Callisto lifted her hand and with it her spirit back into the clouds. She tightened her fist and they swirled together heavily, sucked in from horizon to horizon. Drops against drops. Callisto stirred them into a roiling, building tower, and when she could wait no more, slammed their gathered energy down upon her foe. Then again. And again.

The rock, covered with soil, began to glow, and melt, and crack. It moved as Velasca shifted.

Now came the rain, in a flood, cooling, cracking, seeping inside, steaming and hissing. Working its way down into the almost dormant lava bed below.

Velasca tried to scream as the scalding water worked its way through, not from pain but from the knowledge of her helplessness.

At last, again, the lightning. In a fraction of a second the statue of Velasca, and her with it, exploded with the force of a volcano. Even buoyed by ambrosia, she could not withstand it.

Callisto turned her face to the sky and held out her arms to the rain. She let it wash away the dust of her prison. She breathed deeply of the wind, finding it sweet. After a few, treasured moments, she looked back to the earth, smoking still before her, slowly changing to mud.

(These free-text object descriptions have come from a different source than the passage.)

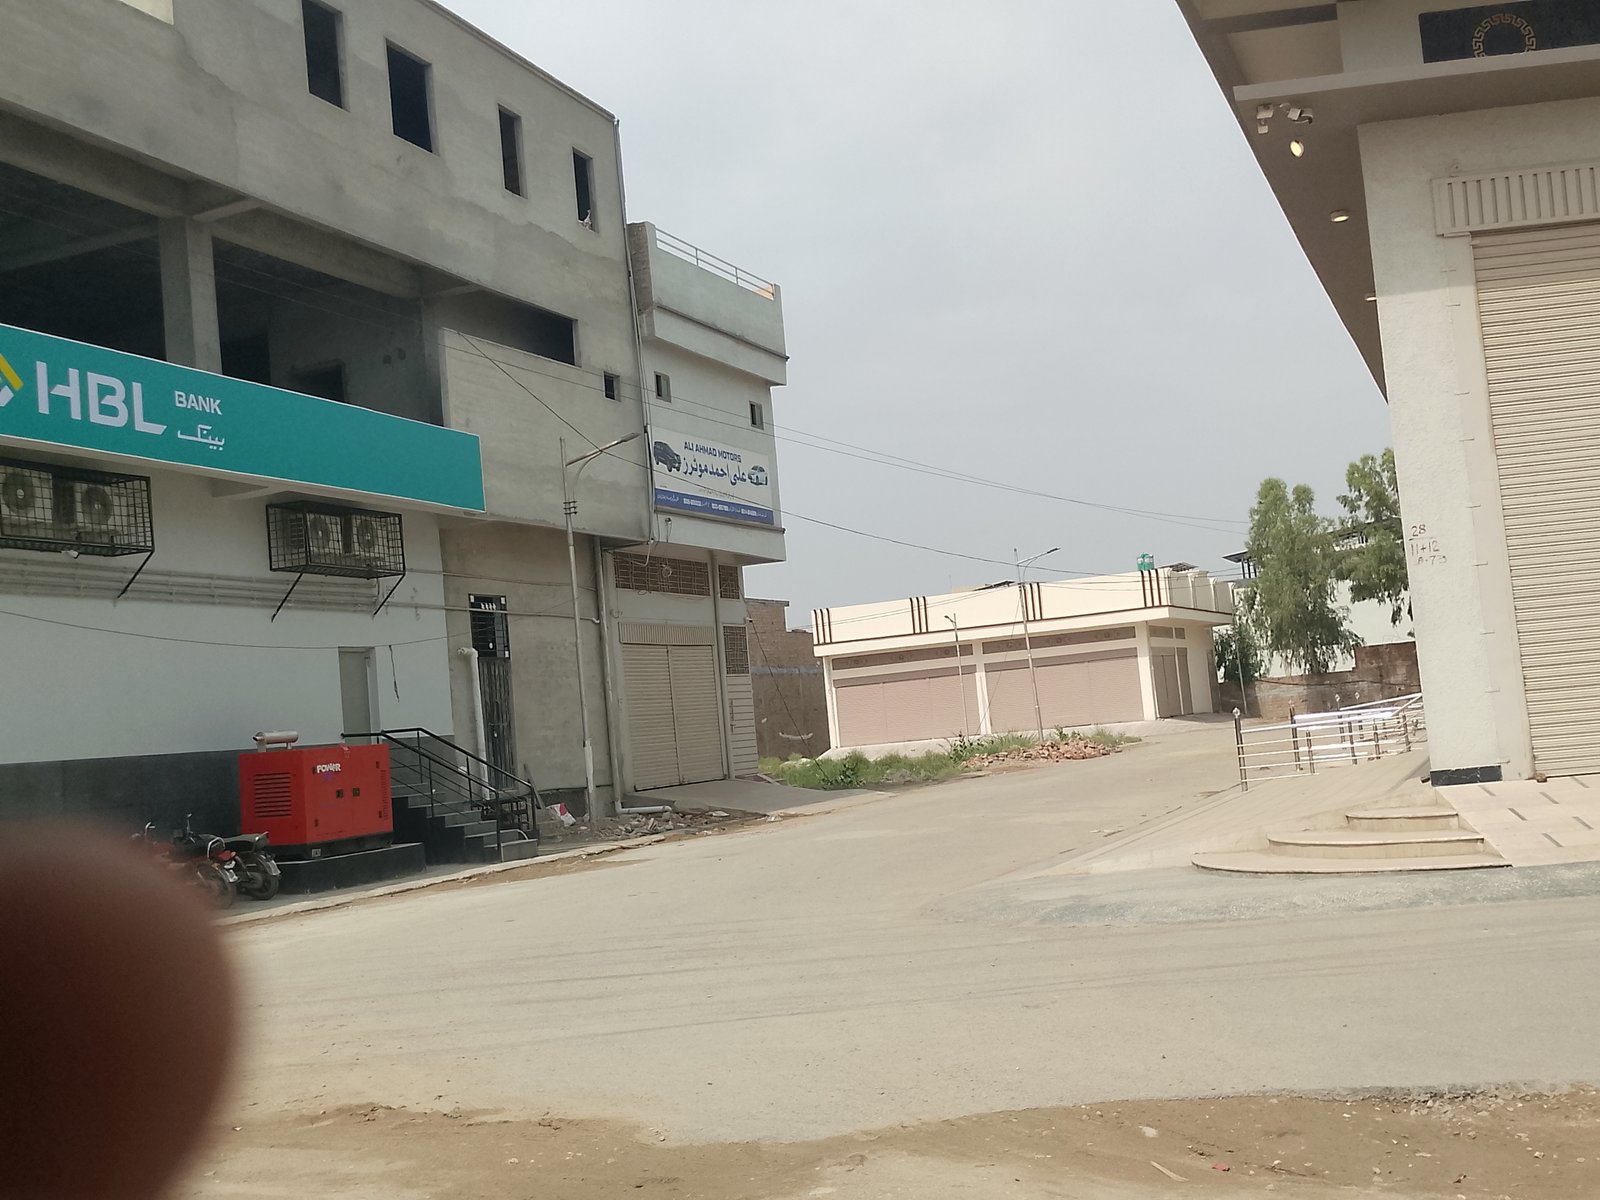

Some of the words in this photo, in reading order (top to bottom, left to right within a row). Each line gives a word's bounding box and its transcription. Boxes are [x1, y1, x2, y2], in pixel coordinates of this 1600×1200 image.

[36, 361, 167, 435] HBL
[174, 390, 223, 416] BANK
[684, 441, 694, 452] ALI
[695, 443, 717, 456] AHMAD
[717, 449, 742, 463] MOTORS
[709, 463, 730, 478] احمد
[1411, 524, 1426, 537] 28

“You were not my enemy, Velasca. For a while you were a decent foe,” Callisto said. “Now you are nothing. No one stands between me and my Xena.” She looked to the heavens again. “Is that sufficient?” she called. “Can I take up my quest again?”

The wind blew through the trees in response, making ripples in the mud that was the God of Chaos.

Callisto raised her arms again and added to the breeze as she spun into a whirlwind of smoke and steam and disappeared.

Such a display could hardly go unnoticed, even in territory as wild and empty as this was. After Callisto had lifted herself away, and Artemis followed into the clouds, a darker soul appeared from between the trees at the bottom of the canyon. With a gesture he pushed aside the troublesome rain as he stepped toward the site of conflict — his favorite pastime.

Ares crouched in the mud, steaming around his heavy boots. He ran his hand through it, squishing it delightedly through his fingers. With the slyest of smiles, he turned his face to the sky, as though his look could chase the breeze Callisto rode upon.